(Dataset items)
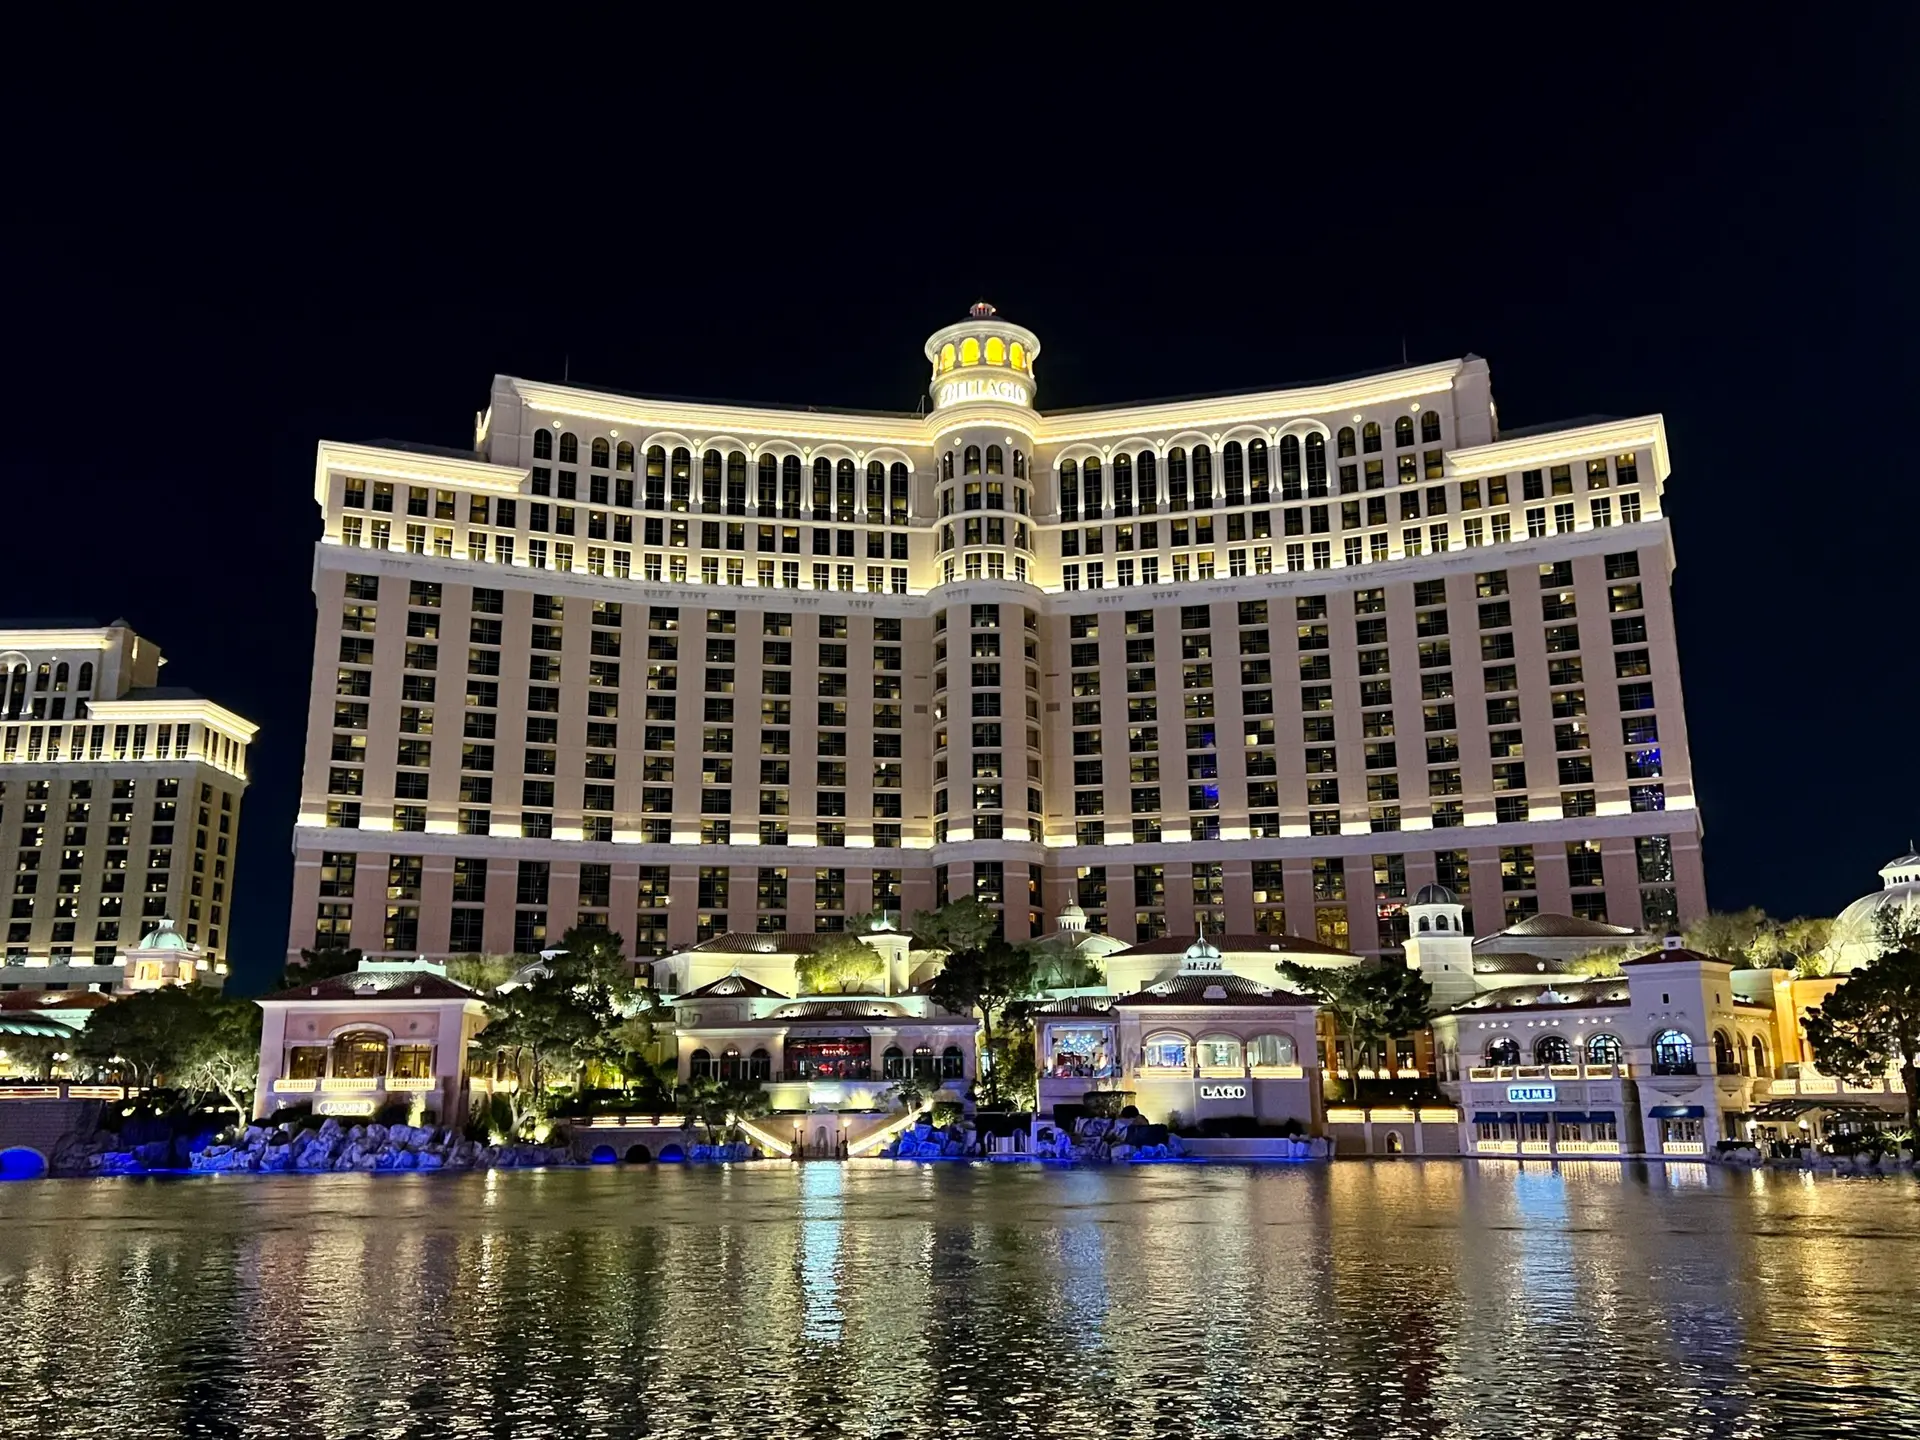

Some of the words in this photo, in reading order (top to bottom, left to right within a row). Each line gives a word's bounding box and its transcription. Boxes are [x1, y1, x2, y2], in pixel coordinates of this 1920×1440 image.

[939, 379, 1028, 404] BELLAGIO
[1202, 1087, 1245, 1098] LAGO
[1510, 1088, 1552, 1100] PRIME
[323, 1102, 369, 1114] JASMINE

Task to carry out:
Your reply should hold only the records, duplicated exactly, without any image.

Output of the exercise:
Some of the words in this photo, in reading order (top to bottom, left to right within a row). Each line gives a word's bounding box and its transcription. Boxes are [x1, y1, x2, y2], in pixel coordinates of this 1920×1440 image.

[939, 379, 1028, 404] BELLAGIO
[1202, 1087, 1245, 1098] LAGO
[1510, 1088, 1552, 1100] PRIME
[323, 1102, 369, 1114] JASMINE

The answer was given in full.